*Free-text object descriptions*:
'''

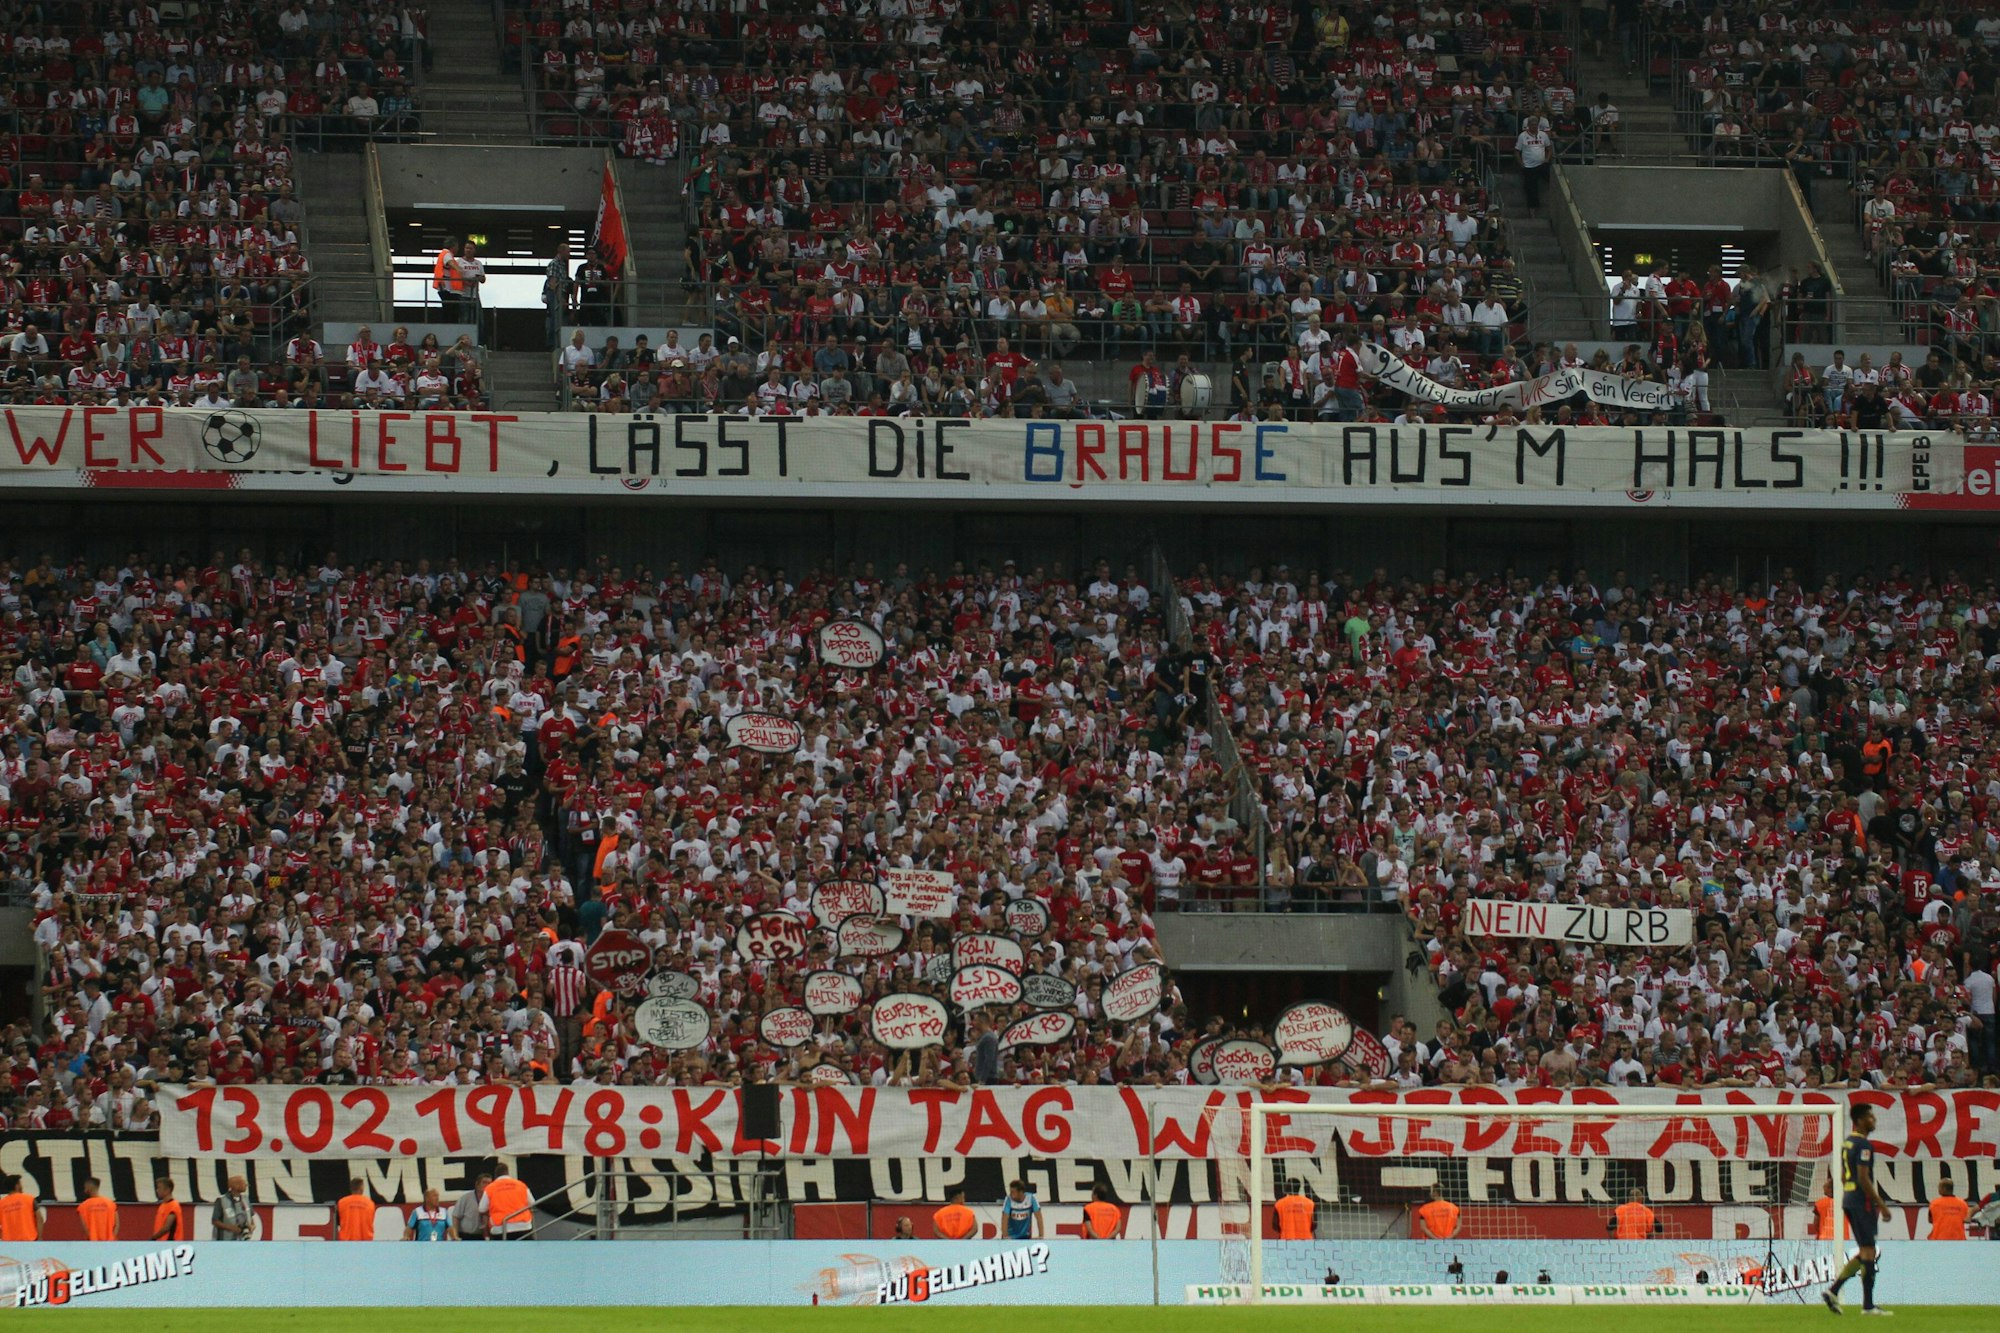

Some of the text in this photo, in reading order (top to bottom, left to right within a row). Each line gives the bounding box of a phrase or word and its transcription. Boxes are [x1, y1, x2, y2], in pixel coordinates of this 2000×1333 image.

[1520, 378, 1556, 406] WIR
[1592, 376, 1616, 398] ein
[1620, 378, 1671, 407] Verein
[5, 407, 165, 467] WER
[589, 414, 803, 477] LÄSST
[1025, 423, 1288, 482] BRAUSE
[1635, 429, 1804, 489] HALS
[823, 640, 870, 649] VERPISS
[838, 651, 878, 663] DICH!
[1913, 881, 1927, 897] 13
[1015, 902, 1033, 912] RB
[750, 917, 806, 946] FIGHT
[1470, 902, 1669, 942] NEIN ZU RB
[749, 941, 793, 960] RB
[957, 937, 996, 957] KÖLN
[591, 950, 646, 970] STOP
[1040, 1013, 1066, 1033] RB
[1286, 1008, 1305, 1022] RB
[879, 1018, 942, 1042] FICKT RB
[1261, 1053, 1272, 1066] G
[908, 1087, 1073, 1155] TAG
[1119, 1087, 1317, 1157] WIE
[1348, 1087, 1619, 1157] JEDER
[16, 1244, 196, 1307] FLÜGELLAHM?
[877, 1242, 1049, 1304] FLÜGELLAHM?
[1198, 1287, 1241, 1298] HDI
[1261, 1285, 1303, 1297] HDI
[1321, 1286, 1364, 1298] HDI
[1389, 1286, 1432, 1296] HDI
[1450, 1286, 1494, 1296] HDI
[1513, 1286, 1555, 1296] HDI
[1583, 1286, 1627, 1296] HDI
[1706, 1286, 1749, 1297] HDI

'''

*WHAT THE TASK REQUIRES*:
Write out the data above exactly as it appears, but without any image.

*EXPECTED ANSWER*:
Some of the text in this photo, in reading order (top to bottom, left to right within a row). Each line gives the bounding box of a phrase or word and its transcription. Boxes are [x1, y1, x2, y2], in pixel coordinates of this 2000×1333 image.

[1520, 378, 1556, 406] WIR
[1592, 376, 1616, 398] ein
[1620, 378, 1671, 407] Verein
[5, 407, 165, 467] WER
[589, 414, 803, 477] LÄSST
[1025, 423, 1288, 482] BRAUSE
[1635, 429, 1804, 489] HALS
[823, 640, 870, 649] VERPISS
[838, 651, 878, 663] DICH!
[1913, 881, 1927, 897] 13
[1015, 902, 1033, 912] RB
[750, 917, 806, 946] FIGHT
[1470, 902, 1669, 942] NEIN ZU RB
[749, 941, 793, 960] RB
[957, 937, 996, 957] KÖLN
[591, 950, 646, 970] STOP
[1040, 1013, 1066, 1033] RB
[1286, 1008, 1305, 1022] RB
[879, 1018, 942, 1042] FICKT RB
[1261, 1053, 1272, 1066] G
[908, 1087, 1073, 1155] TAG
[1119, 1087, 1317, 1157] WIE
[1348, 1087, 1619, 1157] JEDER
[16, 1244, 196, 1307] FLÜGELLAHM?
[877, 1242, 1049, 1304] FLÜGELLAHM?
[1198, 1287, 1241, 1298] HDI
[1261, 1285, 1303, 1297] HDI
[1321, 1286, 1364, 1298] HDI
[1389, 1286, 1432, 1296] HDI
[1450, 1286, 1494, 1296] HDI
[1513, 1286, 1555, 1296] HDI
[1583, 1286, 1627, 1296] HDI
[1706, 1286, 1749, 1297] HDI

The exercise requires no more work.